Missy hums, plays with his hair, enjoys how soft it is. "I sacrificed a whole battalion to bring down one Dalek saucer that day," she says lightly. "Into a timewhirl. No way one could regenerate from that."

"Did you feel guilty?"

"No."

"Do you?"

Missy looks at her reflection in the dregs of her tea. Her hair is a disaster. She avoids her own gaze, smooths it down.

"Missy?"

She knocks back the rest of the cup, grabs a piece of toast. "No. Not particularly, no. Should I?"

"You know you should. At least intellectually."

"It just seemed a waste, if I'm honest," Missy says. She takes a bite. "Hey?"

The Doctor rolls onto his back, trails one of his hands along the bottom of her pyjama top. He runs his thumb along the strip of skin above her waistband "I think that may be a start."

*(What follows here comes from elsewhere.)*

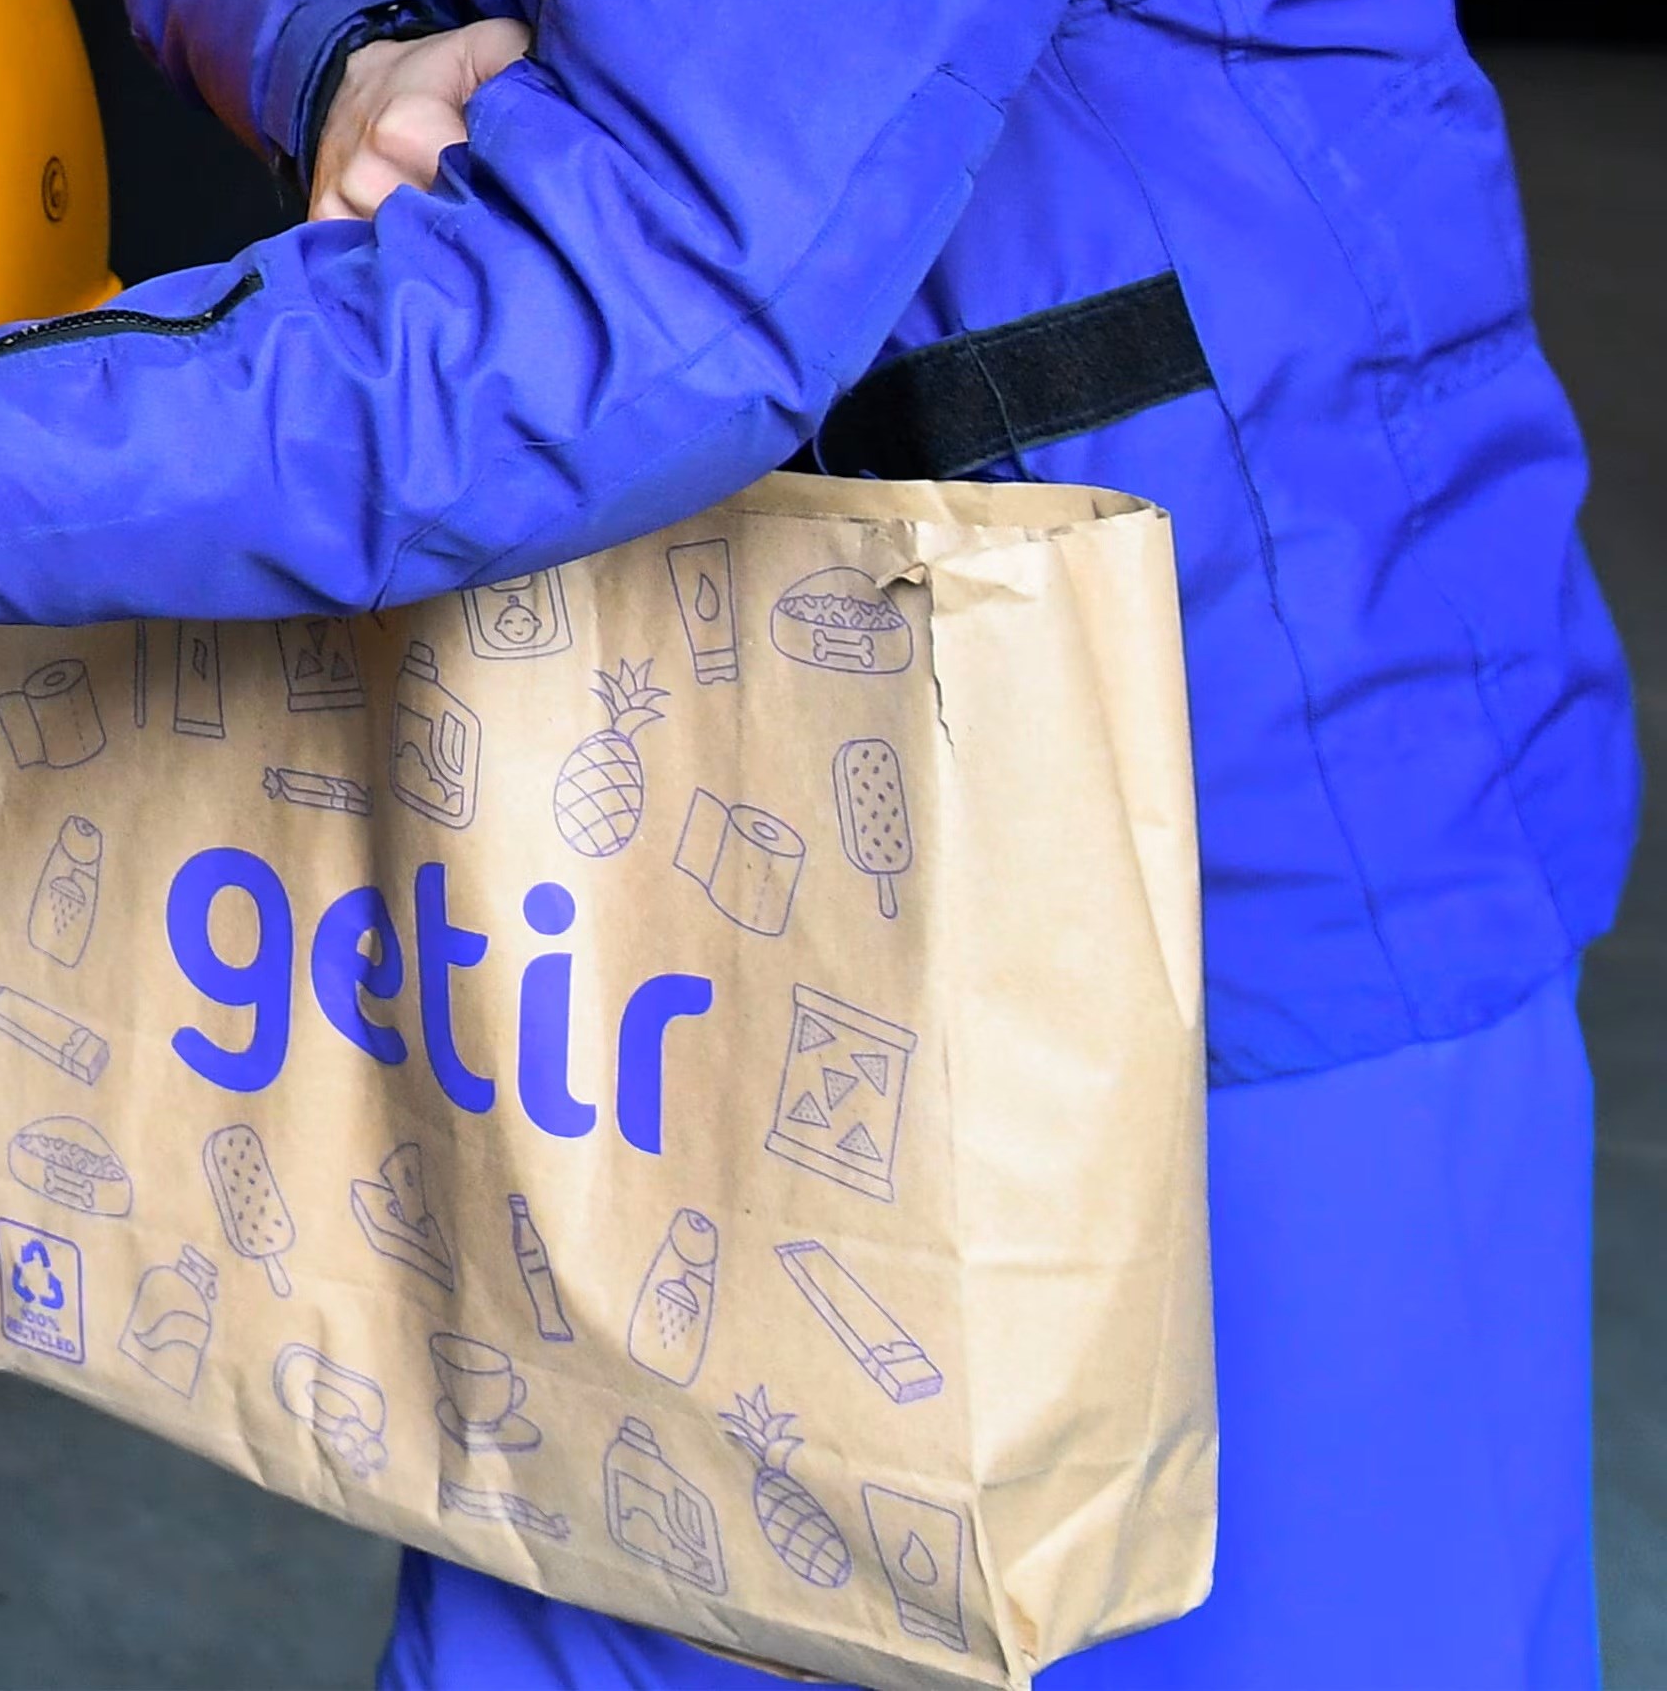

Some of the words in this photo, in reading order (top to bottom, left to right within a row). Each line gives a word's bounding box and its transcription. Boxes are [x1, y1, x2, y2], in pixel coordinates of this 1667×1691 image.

"Don't get your hopes up."

His hands, warm on her bare back, rubbing circles up and down her spine. Missy finishes her toast, and the Doctor sits up behind her, rests his hands on her shoulders, rubs them. Her blood runs warm under his fingers.

"Why are you so touchy-feely today?" Missy asks, craning her neck to see him. "I'm not complaining, just commenting."

The Doctor sighs, brushes her hair over her right shoulder. "You - "

"I?"

"You were dreaming last night. Don't you get tired?"

"We're Time Lords. We don't need to sleep that much. Big meals, all that."

"Yes, but you were restless."

Missy shrugs.

"Missy."

She finishes her toast, leans back against him, relaxes into his torso. The Doctor loops his arms around her waist and she sighs. He pulls her closer, brackets her with his skinny legs.

"What did I do?"

"I saw your dreams," he says. "Well, I assume they were yours. There are things that I see, that I've forgotten. But they felt like you, so." Missy takes his hands, crosses her arms over her torso so the Doctor is holding her. "They tasted like stale bread."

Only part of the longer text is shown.